African economies are largely driven by small and medium enterprises (SMEs). Unfortunately, startups often face various business-related challenges including insufficient capital, lack of sufficient business skills and knowledge, and ineffective marketing strategies. These problems result in most businesses failing in the 1st year or within the initial 5 years.

With the right people holding your hand, you can escape this plight. Business incubators for startups in Africa are there to do exactly that. This article will highlight some of the well-established ones.

business incubators africa

Anza (Tanzania)

Anza is a business accelerator that seeks to contribute to socio-economic developments in the country by supporting enterprises whose operations are geared towards improving the lives of the citizens either directly or indirectly. It focuses on entities that are in the healthcare, agriculture, education, water, sanitation and hygiene, or clean energy sectors.

It accomplishes its mission of supporting startups in Tanzania through capacity building, establishment of a community, access to funds, and fostering an entrepreneurial ecosystem. In terms of capacity building, it runs an 8-month program that encompasses business training and consultation. It also connects entrepreneurs to professionals who will help them advance their businesses. Startups can also access a loan whose interest rate is lower than that of a traditional bank. Anza hubs, which are all-inclusive co-working spaces, are another way that Anza assists entrepreneurs to network and reduce the expenses associated with a startup.

 

 

Nailab (Kenya)

Nailab has been in existence since 2010 following a partnership between Nailab Limited and 1% CLUB. Its key objective is to reduce the entry barriers experienced by ICT startups in Kenya. Sam Gichuru, who is the founder of this business incubator states,

We want to create an environment here startup entrepreneurs can leverage knowledge, technology and funding opportunities to solve problems facing emerging markets.

Through its ecosystem comprising of investors, developers, the private sector, development partners, and entrepreneurs, Nailab has helped over 500 startups access investment and mentorship opportunities. Its partners include Jack Ma Foundation, Close the Gap, and UNFPA. One of its notable projects is the entrepreneurship program that runs for 6 months. During this period, the beneficiaries acquire crucial skills on business concepts like product development and market acquisition.

 

Wennovation Hub (Nigeria)

This business incubator for startups was established in 2010 and has grown to impact a large number of budding entrepreneurs in Nigeria. It operates in Lagos, Ibadan, Abuja, and Kaduna. As a way of improving its surroundings, Wennovation hub focuses on startups within social impact industries such as social infrastructure, clean energy, healthcare, education, and agriculture.

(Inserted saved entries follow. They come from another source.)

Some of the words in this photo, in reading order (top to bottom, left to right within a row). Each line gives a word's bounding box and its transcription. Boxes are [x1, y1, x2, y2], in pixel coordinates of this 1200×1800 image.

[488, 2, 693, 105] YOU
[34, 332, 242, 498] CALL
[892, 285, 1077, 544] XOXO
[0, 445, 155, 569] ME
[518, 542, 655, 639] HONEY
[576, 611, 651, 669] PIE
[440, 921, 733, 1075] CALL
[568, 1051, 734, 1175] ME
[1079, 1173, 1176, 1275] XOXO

Its operations are conducted within three spheres: startup development, fortifying the startups’ ecosystem, and a consultation platform.

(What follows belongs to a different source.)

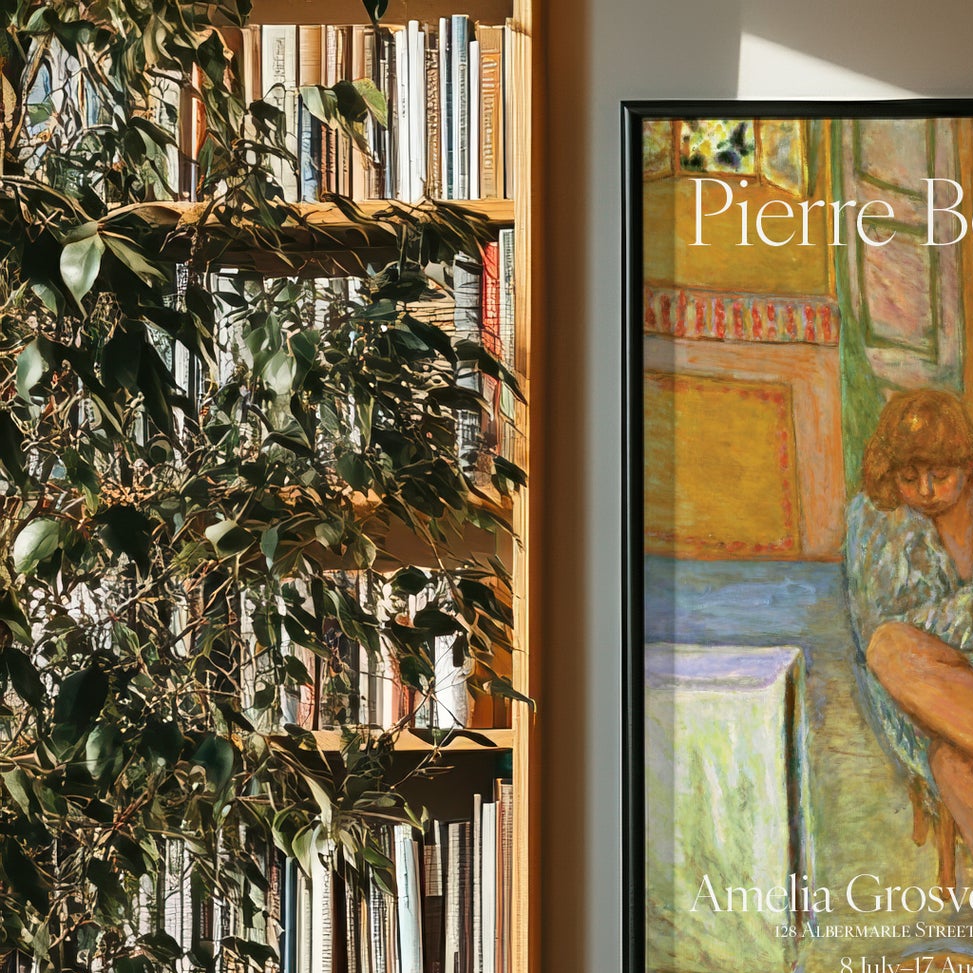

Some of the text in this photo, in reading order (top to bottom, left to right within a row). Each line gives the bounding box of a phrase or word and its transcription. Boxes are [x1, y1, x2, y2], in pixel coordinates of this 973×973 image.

Its ability to support startups in the region has been enhanced through partnerships with successful entities such as the Bill and Melinda Gates Foundation, United Nations Foundation, Total, and the University of Lagos. To date, this business incubator has supported over 300 startups. It has empowered more than 6,000 youths by funding their business ideas with about $2.5 million. In addition to the financial support, training and mentorship programs, and established community, Wennovation hub has a co-working space that allows entrepreneurs to reduce their costs of operation while networking with other like-minded teams.

 

Injini (South Africa)

As one of the top business incubators for startups in Africa, Injini focuses on entities in the ed-tech sector. It’s incubation programs usually include mentorships, workshops, funding, and support throughout the scaling up process. These components benefit budding entrepreneurs who seek to improve Africa’s education sector through innovative technology.

Injini usually selects startups from different African countries and takes them through 5 months of business incubation before giving each of them $ 50,000 to advance their operations. Some of the startups that have benefited from this business incubator include M-Shule, Quillo, and Syafunda.

 

Technology Innovation and Entrepreneurship Center (Egypt)

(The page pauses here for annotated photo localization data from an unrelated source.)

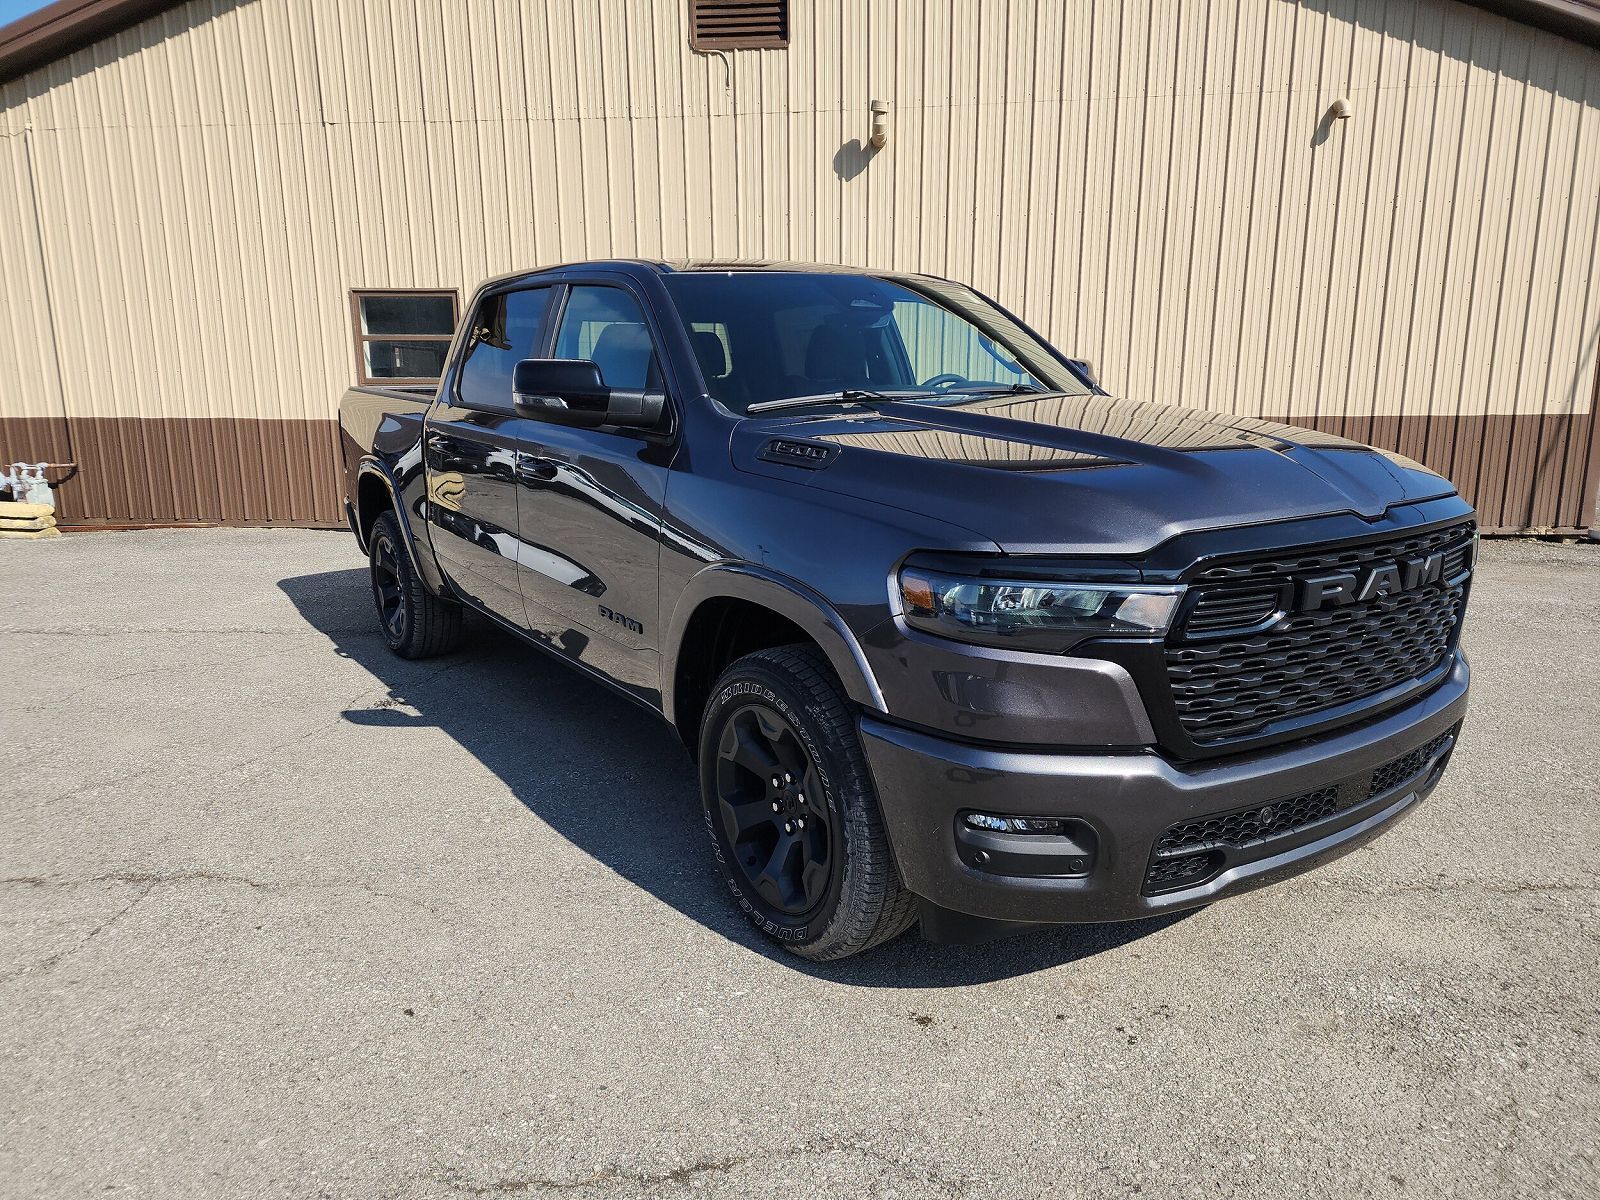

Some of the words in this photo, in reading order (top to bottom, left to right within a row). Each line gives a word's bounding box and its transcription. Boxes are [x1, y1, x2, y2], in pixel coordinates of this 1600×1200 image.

[1302, 552, 1443, 611] RAM
[598, 604, 643, 634] RAM
[720, 682, 837, 813] BRIDGESTONE
[727, 877, 808, 941] DUELER
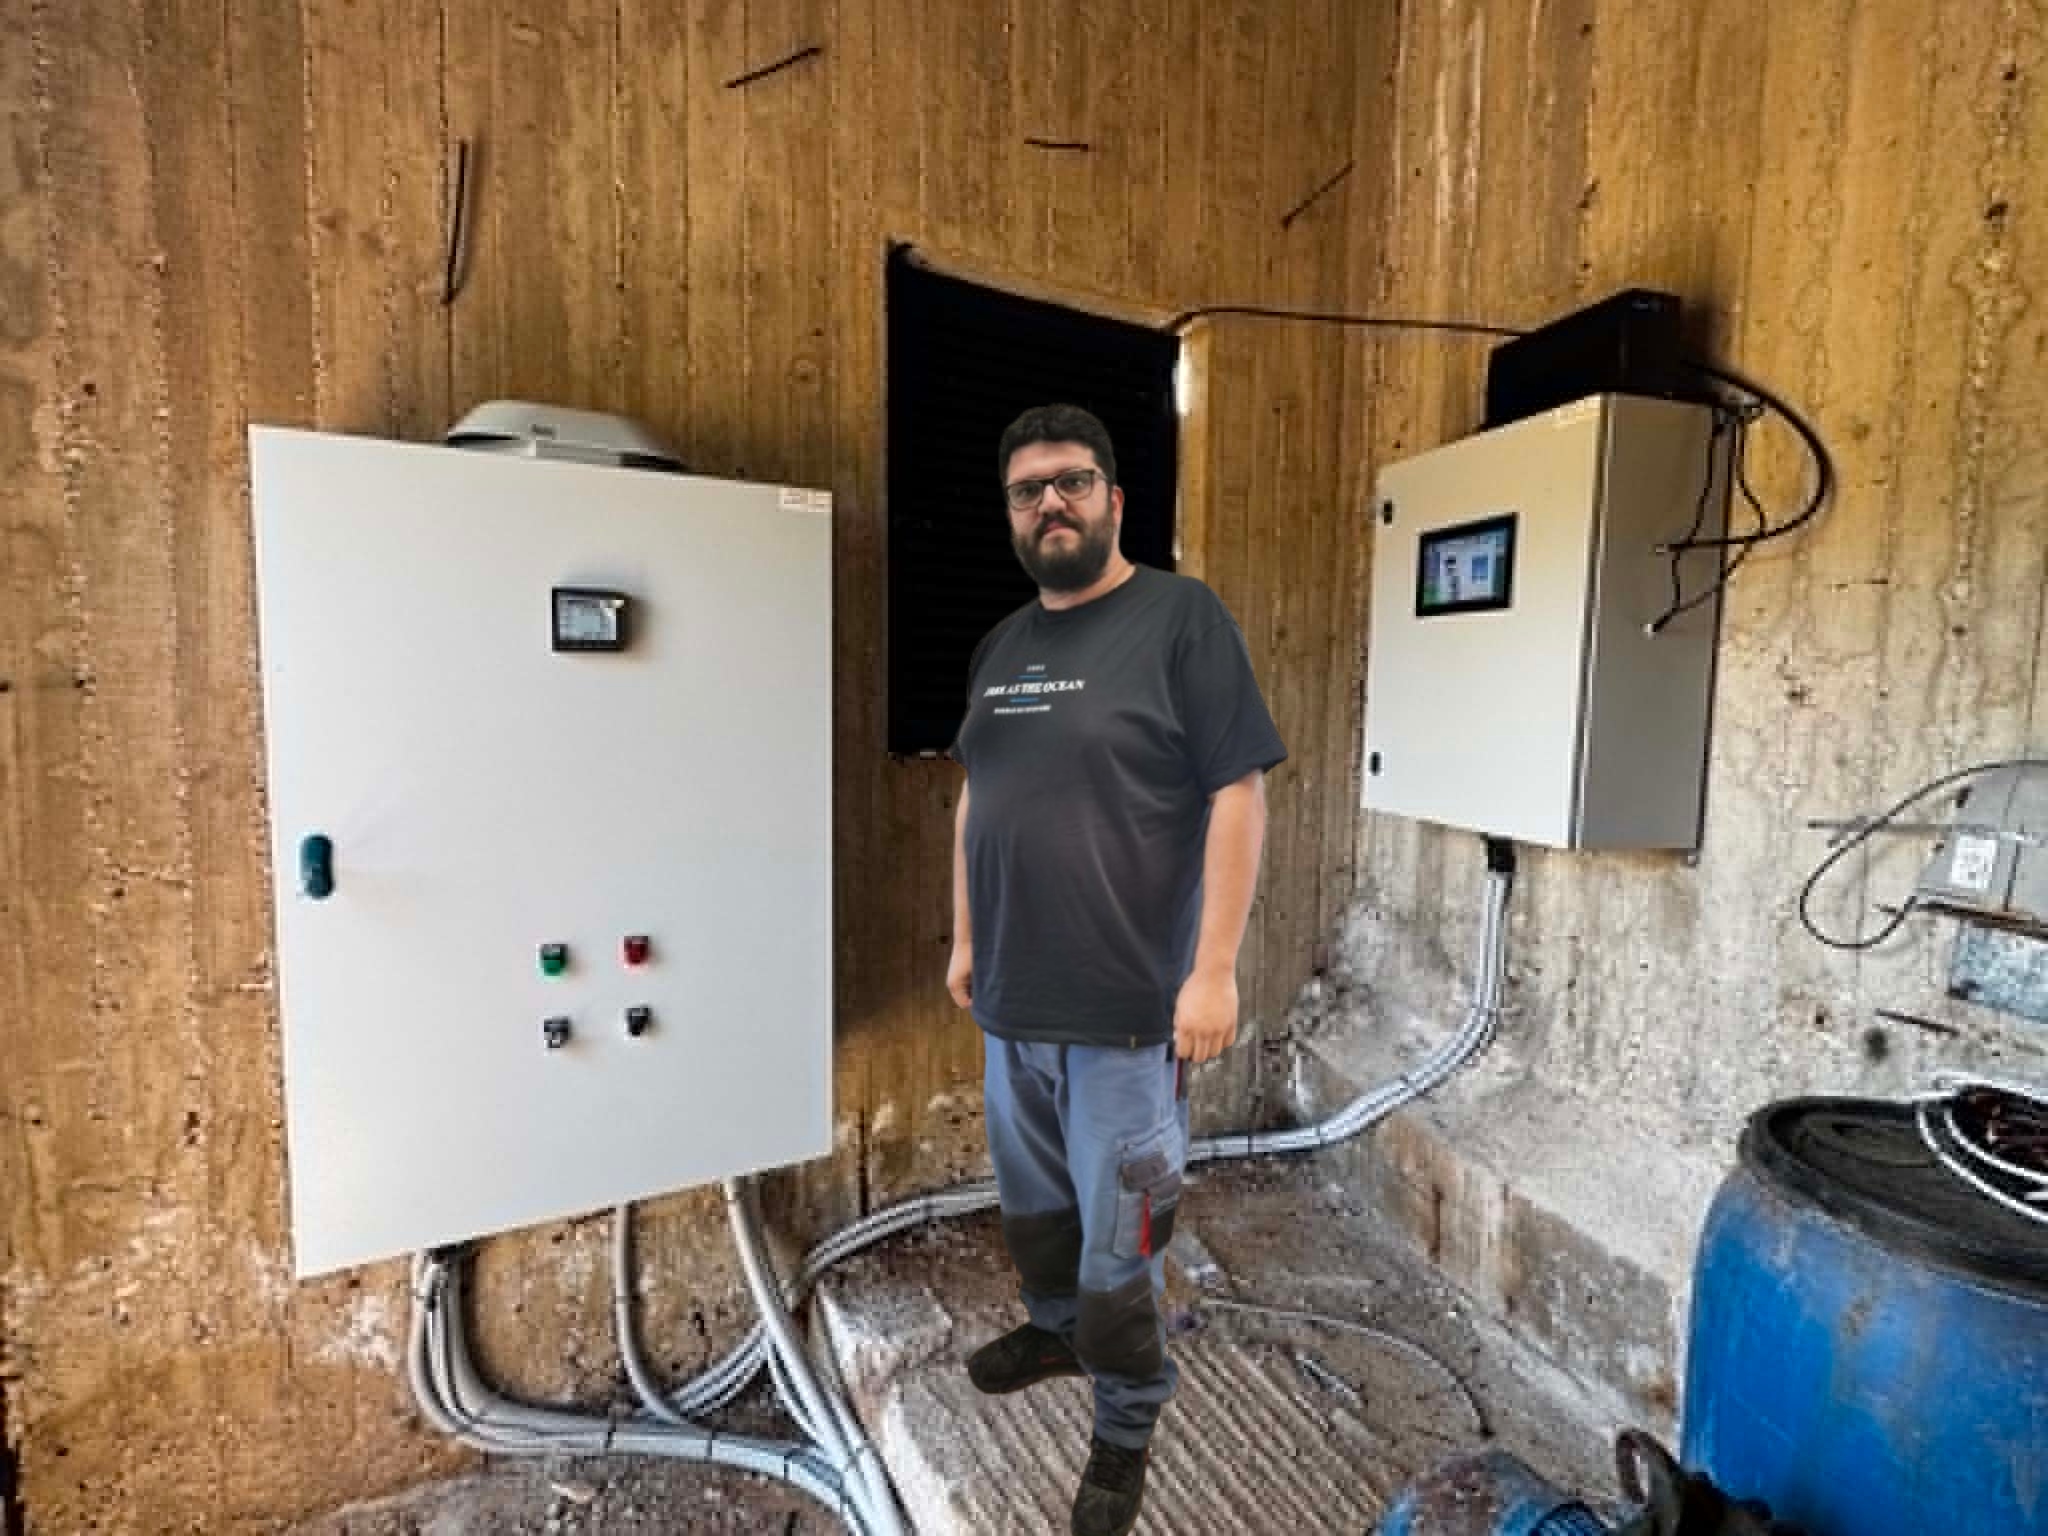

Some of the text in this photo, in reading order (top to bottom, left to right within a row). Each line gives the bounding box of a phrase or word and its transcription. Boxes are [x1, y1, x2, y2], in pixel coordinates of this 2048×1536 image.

[1006, 684, 1020, 695] AS
[1021, 682, 1042, 694] THE
[1043, 680, 1086, 693] OCEAN

This business incubator, which is commonly known as TIEC, is linked to Egypt’s Ministry of Communication and Information Technology. It was founded with the main intent of promoting ICT innovations and subsequently contributing to the growth of the national economy. It has several incubation programs such as Innovation Cluster, InnovEgypt, BEST, NTL, and TIEC-IA. All these schemes are geared towards supporting budding entrepreneurs in the country’s ICT sector.

Similar to the other mentioned business incubators for startups in Africa, TIEC offers mentorship, training, and beneficial networks to its beneficiaries. In addition, the selected startups get funding of up to $13,500 (120,000 Egyptian pounds) at the end of the one-year incubation program to scale up their business. It also helps startups reduce their operating costs by availing affordable co-working spaces. It is responsible for incubating companies like Bey2ollak and Ta2heal.

TIEC Egypt

TIEC Egypt.

Conclusion

The entrepreneurial field can be a murky setup for startups. To survive and succeed in the targeted sector, you may need the guidance and support of an experienced and well-organized partner. With this in mind, the entities discussed in this article are some of the top business incubators for startups in Africa. These establishments offer relevant entrepreneurial training and mentorship, introduce you to an ecosystem of investors and mentors, and offer the needed financial support.